A cell-cycle independent role for p21 in regulating synovial fibroblast migration in rheumatoid arthritis.

Rheumatoid arthritis (RA) is characterized by synovial hyperplasia and destruction of cartilage and bone. The fibroblast-like synoviocyte (FLS) population is central to the development of pannus by migrating into cartilage and bone. We demonstrated previously that expression of the cell cycle inhibitor p21 is significantly reduced in RA synovial lining, particularly in the FLS. The aim of this study was to determine whether reduced expression of p21 in FLS could alter the migratory behavior of these cells. FLS were isolated from mice deficient in p21 (p21(-/-)) and were examined with respect to growth and migration. p21(-/-) and wild-type (WT) FLS were compared with respect to migration towards chemoattractants found in RA synovial fluid in the presence and absence of cell cycle inhibitors. Restoration of p21 expression was accomplished using adenoviral infection.
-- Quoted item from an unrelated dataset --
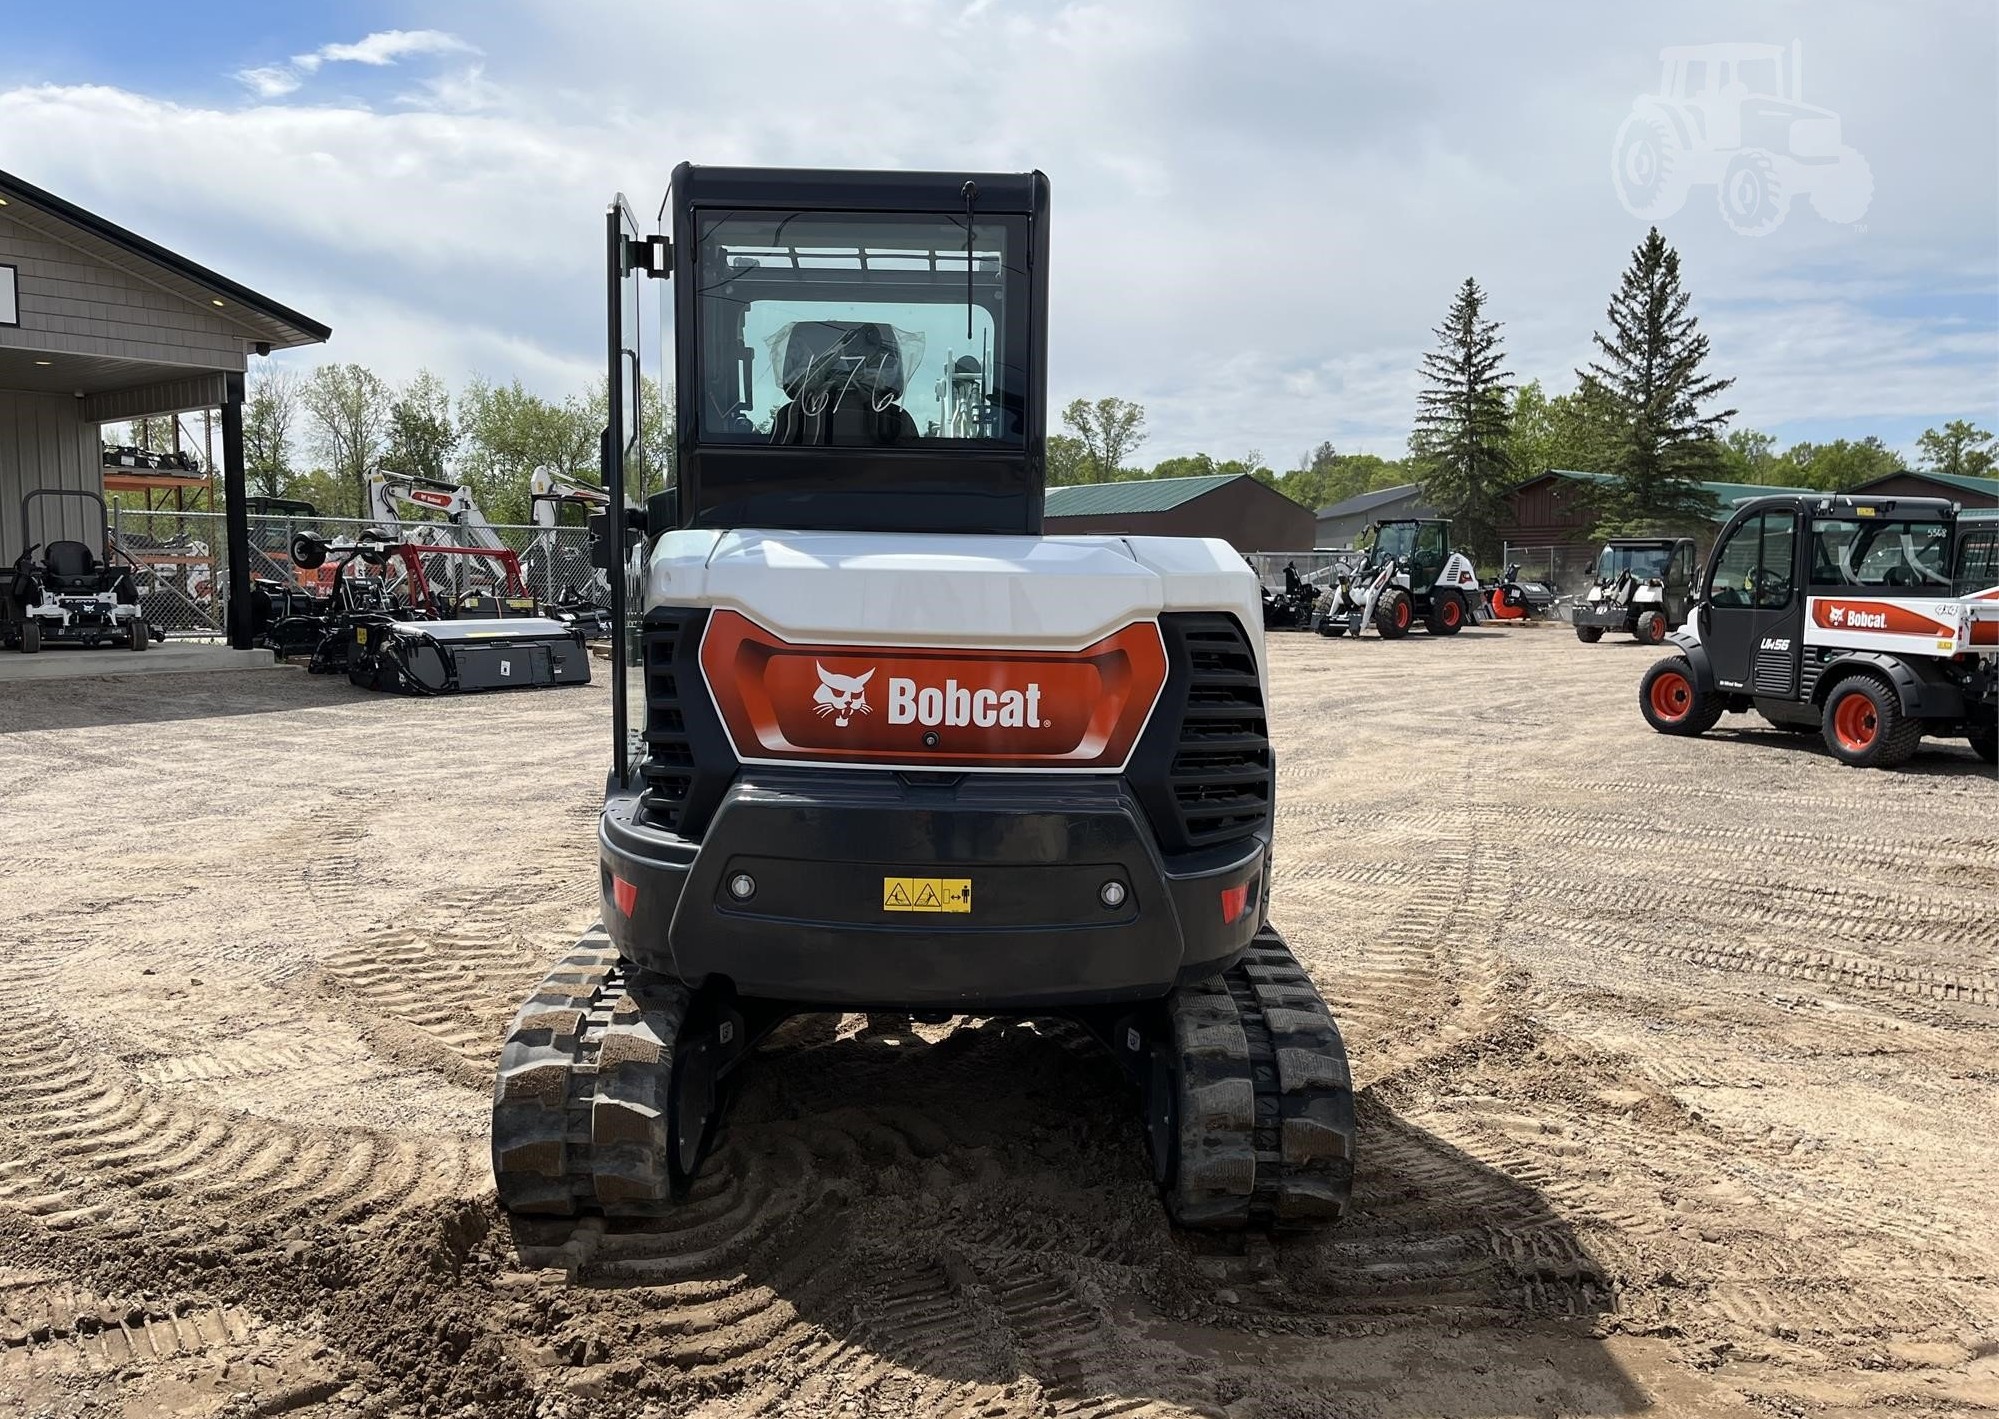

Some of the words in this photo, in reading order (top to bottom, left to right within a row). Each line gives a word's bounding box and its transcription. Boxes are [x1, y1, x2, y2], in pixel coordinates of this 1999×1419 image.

[1847, 610, 1886, 628] Bobcat
[1760, 638, 1790, 650] UW56
[888, 677, 1041, 728] Bobcat
As anticipated from the loss of a cell cycle inhibitor, p21(-/-) FLS grow more rapidly than WT FLS. In examining migration towards biologically relevant RA synovial fluid, p21(-/-) FLS display a marked increase (3.1-fold; p < 0.05) in migration compared to WT cells. Moreover, this effect is independent of the cell cycle since chemical inhibitors that block the cell cycle have no effect on migration. In contrast, p21 is required to repress migration as restoration of p21 expression in p21(-/-) FLS reverses this effect. Taken together, these data suggest that p21 plays a novel role in normal FLS, namely to repress migration. Loss of p21 expression that occurs in RA FLS may contribute to excessive invasion and subsequent joint destruction.

p21Cip1 is required for the development of monocytes and their response to serum transfer-induced arthritis.

One of the central functions of cyclin-dependent kinase inhibitors, such as p21, p27, or p16, is to prevent entry into the cell cycle. However, the question remains as to whether they have other functions in the cell. We previously demonstrated that overexpression of p21 in fibroblasts isolated from patients with rheumatoid arthritis decreases the production of pro-inflammatory molecules. Overexpression of p21 has been also shown to reduce the development of experimental arthritis in mice and rats. To explore the role of endogenous p21 in the development of arthritis, we induced arthritis in p21(-/-) mice using the K/BxN serum transfer model of arthritis. Mice deficient in p21 were more resistant to serum transfer-induced arthritis (K/BxN) than wild-type (wt) control mice. Fewer macrophages were detected in p21(-/-) as compared to wt joints following transfer of K/BxN serum. Chemotaxis assays of bone marrow-derived macrophages from p21(-/-) and wt mice revealed no difference in migration. However, there was a substantial decrease in inflammatory monocytes circulating in peripheral blood and in monocyte precursors in bone marrow of p21(-/-) mice as compared to wt mice. Adoptive transfer of wt bone marrow-derived macrophages into p21(-/-) mice restored the sensitivity to serum transfer-induced arthritis. These data suggest a novel role for p21 in regulating the development and/or differentiation of monocytic populations that are crucial for the induction of inflammatory arthritis.